▸ Exercise goal
Drop the pictures and restate the rest of the listing word for word.

··········

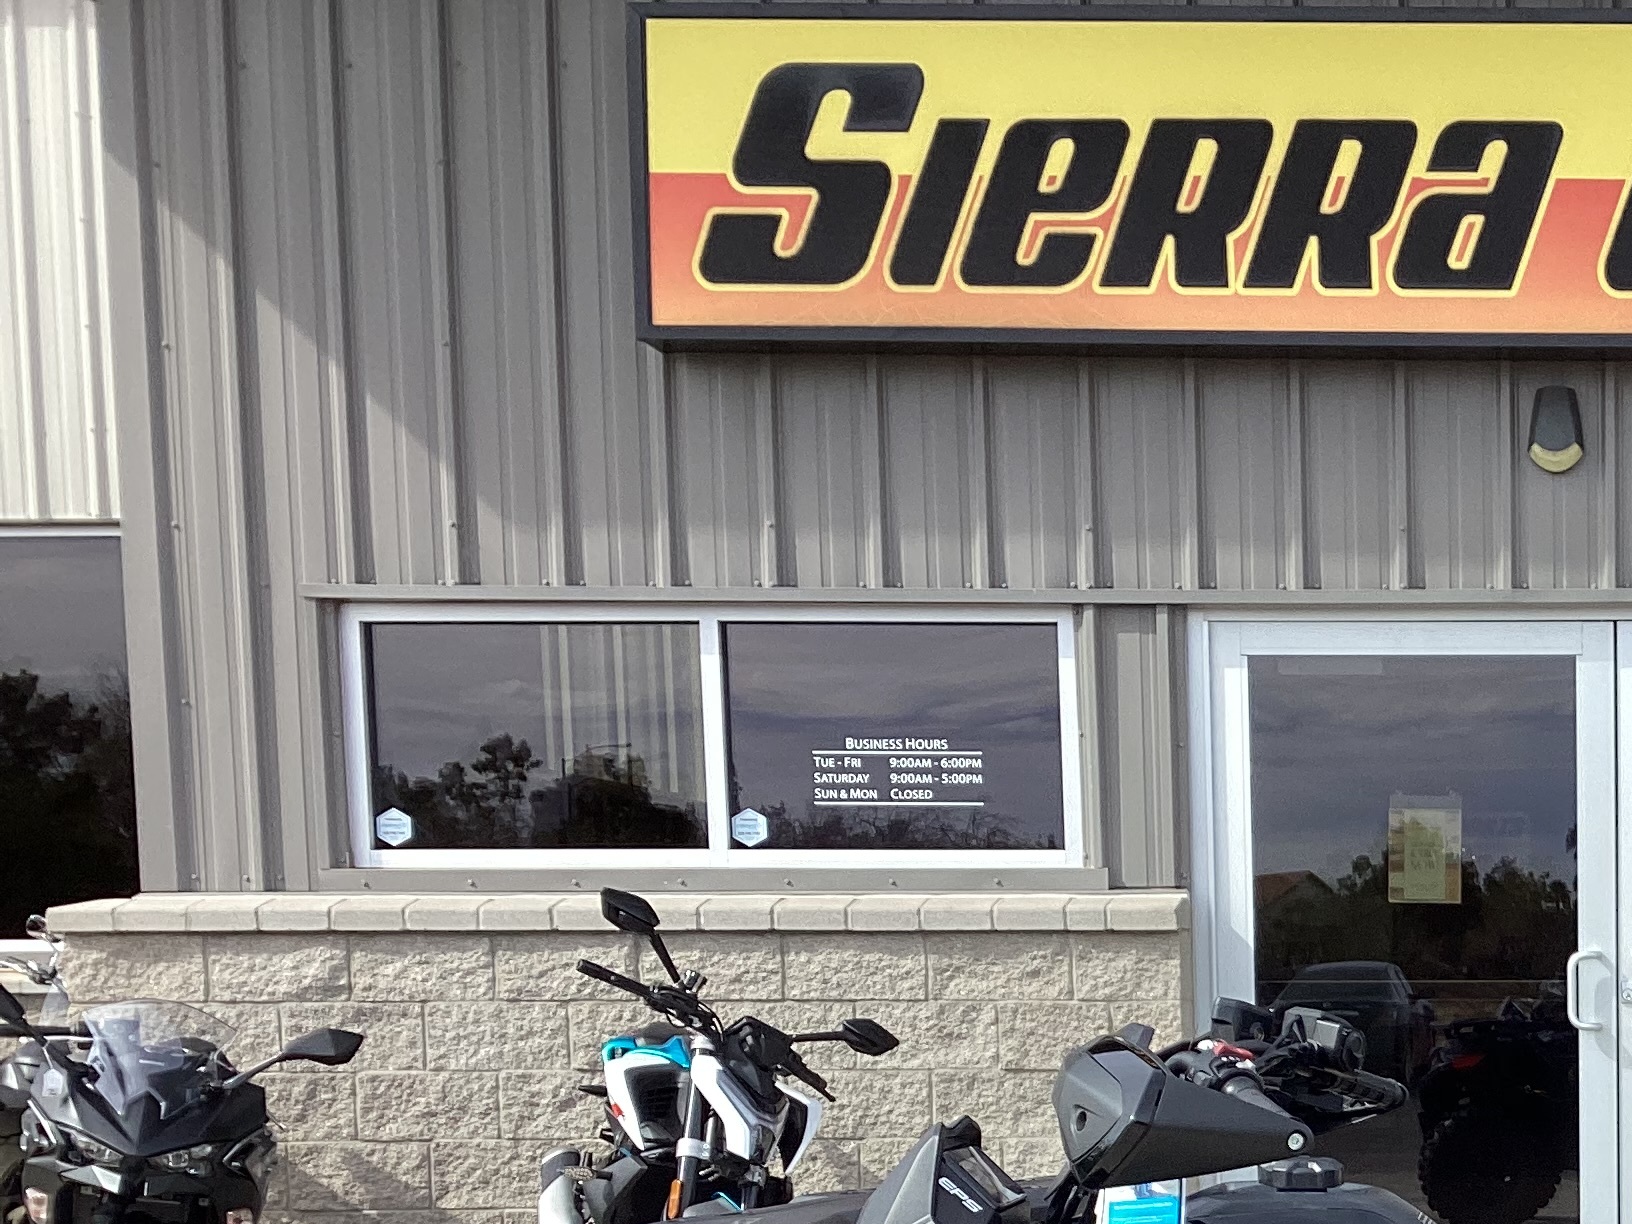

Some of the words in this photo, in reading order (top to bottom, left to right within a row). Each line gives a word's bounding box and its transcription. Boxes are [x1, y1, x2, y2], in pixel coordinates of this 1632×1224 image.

[889, 757, 932, 768] 9:00AM
[940, 757, 982, 769] 6:00PM
[889, 772, 932, 784] 9:00AM
[941, 772, 983, 784] 5:00PM
[839, 788, 848, 799] &
[938, 1176, 983, 1213] EPS

··········

▸ Result for this exercise
Some of the words in this photo, in reading order (top to bottom, left to right within a row). Each line gives a word's bounding box and its transcription. Boxes are [x1, y1, x2, y2], in pixel coordinates of this 1632×1224 image.

[889, 757, 932, 768] 9:00AM
[940, 757, 982, 769] 6:00PM
[889, 772, 932, 784] 9:00AM
[941, 772, 983, 784] 5:00PM
[839, 788, 848, 799] &
[938, 1176, 983, 1213] EPS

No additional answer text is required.